# The problem
Make an exact copy of all the data.

# Material to process
——

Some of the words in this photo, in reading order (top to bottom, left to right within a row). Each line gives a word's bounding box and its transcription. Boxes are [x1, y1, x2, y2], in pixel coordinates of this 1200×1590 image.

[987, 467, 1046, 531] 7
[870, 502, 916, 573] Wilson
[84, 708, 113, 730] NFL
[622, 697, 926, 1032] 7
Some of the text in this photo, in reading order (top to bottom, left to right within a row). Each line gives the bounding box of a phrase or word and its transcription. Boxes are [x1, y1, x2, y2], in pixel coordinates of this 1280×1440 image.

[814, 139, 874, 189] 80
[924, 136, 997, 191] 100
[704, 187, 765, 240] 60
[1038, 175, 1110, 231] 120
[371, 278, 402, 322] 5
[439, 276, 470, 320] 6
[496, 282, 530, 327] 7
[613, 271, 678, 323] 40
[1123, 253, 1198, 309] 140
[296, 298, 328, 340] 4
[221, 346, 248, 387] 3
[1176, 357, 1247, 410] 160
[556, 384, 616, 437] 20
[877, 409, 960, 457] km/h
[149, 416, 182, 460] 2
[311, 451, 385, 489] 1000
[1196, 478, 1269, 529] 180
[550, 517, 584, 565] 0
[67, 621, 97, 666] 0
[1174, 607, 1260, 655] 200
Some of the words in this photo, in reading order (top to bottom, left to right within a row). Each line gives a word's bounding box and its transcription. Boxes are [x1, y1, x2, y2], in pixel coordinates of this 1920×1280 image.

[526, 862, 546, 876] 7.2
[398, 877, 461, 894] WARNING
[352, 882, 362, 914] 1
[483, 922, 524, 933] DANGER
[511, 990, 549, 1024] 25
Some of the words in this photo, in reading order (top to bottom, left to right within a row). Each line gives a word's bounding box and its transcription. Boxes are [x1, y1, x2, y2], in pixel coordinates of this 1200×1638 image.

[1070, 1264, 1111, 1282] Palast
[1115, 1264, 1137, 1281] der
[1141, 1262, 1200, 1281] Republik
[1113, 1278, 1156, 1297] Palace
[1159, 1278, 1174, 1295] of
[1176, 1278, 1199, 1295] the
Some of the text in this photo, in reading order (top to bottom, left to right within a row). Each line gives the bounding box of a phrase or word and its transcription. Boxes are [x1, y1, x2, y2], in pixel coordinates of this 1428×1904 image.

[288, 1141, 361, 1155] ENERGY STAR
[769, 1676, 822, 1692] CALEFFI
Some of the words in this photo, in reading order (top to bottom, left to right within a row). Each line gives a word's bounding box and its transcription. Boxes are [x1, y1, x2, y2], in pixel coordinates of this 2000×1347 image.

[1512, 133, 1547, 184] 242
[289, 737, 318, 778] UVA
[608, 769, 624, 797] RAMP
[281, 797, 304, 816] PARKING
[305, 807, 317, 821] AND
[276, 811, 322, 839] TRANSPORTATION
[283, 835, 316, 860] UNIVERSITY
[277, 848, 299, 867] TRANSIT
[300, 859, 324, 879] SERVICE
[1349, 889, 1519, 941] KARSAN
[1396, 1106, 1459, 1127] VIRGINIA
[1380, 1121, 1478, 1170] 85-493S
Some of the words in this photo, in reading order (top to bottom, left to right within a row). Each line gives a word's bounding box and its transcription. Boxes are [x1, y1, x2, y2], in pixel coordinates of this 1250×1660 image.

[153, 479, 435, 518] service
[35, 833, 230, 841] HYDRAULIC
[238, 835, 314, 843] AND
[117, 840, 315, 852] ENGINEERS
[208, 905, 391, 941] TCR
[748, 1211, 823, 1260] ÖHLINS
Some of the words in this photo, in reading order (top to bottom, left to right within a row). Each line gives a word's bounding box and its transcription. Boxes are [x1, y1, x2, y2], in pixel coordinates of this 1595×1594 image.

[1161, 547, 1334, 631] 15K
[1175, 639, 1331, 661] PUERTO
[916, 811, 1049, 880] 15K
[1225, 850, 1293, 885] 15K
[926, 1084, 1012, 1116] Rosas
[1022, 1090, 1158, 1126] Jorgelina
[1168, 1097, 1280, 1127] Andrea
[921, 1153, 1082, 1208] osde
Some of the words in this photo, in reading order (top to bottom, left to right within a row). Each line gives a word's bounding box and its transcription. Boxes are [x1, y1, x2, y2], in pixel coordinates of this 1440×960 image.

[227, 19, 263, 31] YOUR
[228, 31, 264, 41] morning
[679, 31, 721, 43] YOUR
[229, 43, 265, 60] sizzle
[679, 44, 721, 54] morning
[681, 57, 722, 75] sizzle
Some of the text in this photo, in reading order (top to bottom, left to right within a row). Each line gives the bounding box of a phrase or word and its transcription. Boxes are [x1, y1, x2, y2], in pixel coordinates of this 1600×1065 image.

——

# Answer to this exercise
Some of the words in this photo, in reading order (top to bottom, left to right within a row). Each line gives a word's bounding box and its transcription. Boxes are [x1, y1, x2, y2], in pixel coordinates of this 1200×1590 image.

[987, 467, 1046, 531] 7
[870, 502, 916, 573] Wilson
[84, 708, 113, 730] NFL
[622, 697, 926, 1032] 7
Some of the text in this photo, in reading order (top to bottom, left to right within a row). Each line gives the bounding box of a phrase or word and its transcription. Boxes are [x1, y1, x2, y2], in pixel coordinates of this 1280×1440 image.

[814, 139, 874, 189] 80
[924, 136, 997, 191] 100
[704, 187, 765, 240] 60
[1038, 175, 1110, 231] 120
[371, 278, 402, 322] 5
[439, 276, 470, 320] 6
[496, 282, 530, 327] 7
[613, 271, 678, 323] 40
[1123, 253, 1198, 309] 140
[296, 298, 328, 340] 4
[221, 346, 248, 387] 3
[1176, 357, 1247, 410] 160
[556, 384, 616, 437] 20
[877, 409, 960, 457] km/h
[149, 416, 182, 460] 2
[311, 451, 385, 489] 1000
[1196, 478, 1269, 529] 180
[550, 517, 584, 565] 0
[67, 621, 97, 666] 0
[1174, 607, 1260, 655] 200
Some of the words in this photo, in reading order (top to bottom, left to right within a row). Each line gives a word's bounding box and its transcription. Boxes are [x1, y1, x2, y2], in pixel coordinates of this 1920×1280 image.

[526, 862, 546, 876] 7.2
[398, 877, 461, 894] WARNING
[352, 882, 362, 914] 1
[483, 922, 524, 933] DANGER
[511, 990, 549, 1024] 25
Some of the words in this photo, in reading order (top to bottom, left to right within a row). Each line gives a word's bounding box and its transcription. Boxes are [x1, y1, x2, y2], in pixel coordinates of this 1200×1638 image.

[1070, 1264, 1111, 1282] Palast
[1115, 1264, 1137, 1281] der
[1141, 1262, 1200, 1281] Republik
[1113, 1278, 1156, 1297] Palace
[1159, 1278, 1174, 1295] of
[1176, 1278, 1199, 1295] the
Some of the text in this photo, in reading order (top to bottom, left to right within a row). Each line gives the bounding box of a phrase or word and its transcription. Boxes are [x1, y1, x2, y2], in pixel coordinates of this 1428×1904 image.

[288, 1141, 361, 1155] ENERGY STAR
[769, 1676, 822, 1692] CALEFFI
Some of the words in this photo, in reading order (top to bottom, left to right within a row). Each line gives a word's bounding box and its transcription. Boxes are [x1, y1, x2, y2], in pixel coordinates of this 2000×1347 image.

[1512, 133, 1547, 184] 242
[289, 737, 318, 778] UVA
[608, 769, 624, 797] RAMP
[281, 797, 304, 816] PARKING
[305, 807, 317, 821] AND
[276, 811, 322, 839] TRANSPORTATION
[283, 835, 316, 860] UNIVERSITY
[277, 848, 299, 867] TRANSIT
[300, 859, 324, 879] SERVICE
[1349, 889, 1519, 941] KARSAN
[1396, 1106, 1459, 1127] VIRGINIA
[1380, 1121, 1478, 1170] 85-493S
Some of the words in this photo, in reading order (top to bottom, left to right within a row). Each line gives a word's bounding box and its transcription. Boxes are [x1, y1, x2, y2], in pixel coordinates of this 1250×1660 image.

[153, 479, 435, 518] service
[35, 833, 230, 841] HYDRAULIC
[238, 835, 314, 843] AND
[117, 840, 315, 852] ENGINEERS
[208, 905, 391, 941] TCR
[748, 1211, 823, 1260] ÖHLINS
Some of the words in this photo, in reading order (top to bottom, left to right within a row). Each line gives a word's bounding box and its transcription. Boxes are [x1, y1, x2, y2], in pixel coordinates of this 1595×1594 image.

[1161, 547, 1334, 631] 15K
[1175, 639, 1331, 661] PUERTO
[916, 811, 1049, 880] 15K
[1225, 850, 1293, 885] 15K
[926, 1084, 1012, 1116] Rosas
[1022, 1090, 1158, 1126] Jorgelina
[1168, 1097, 1280, 1127] Andrea
[921, 1153, 1082, 1208] osde
Some of the words in this photo, in reading order (top to bottom, left to right within a row). Each line gives a word's bounding box and its transcription. Boxes are [x1, y1, x2, y2], in pixel coordinates of this 1440×960 image.

[227, 19, 263, 31] YOUR
[228, 31, 264, 41] morning
[679, 31, 721, 43] YOUR
[229, 43, 265, 60] sizzle
[679, 44, 721, 54] morning
[681, 57, 722, 75] sizzle
Some of the text in this photo, in reading order (top to bottom, left to right within a row). Each line gives the bounding box of a phrase or word and its transcription. Boxes are [x1, y1, x2, y2], in pixel coordinates of this 1600×1065 image.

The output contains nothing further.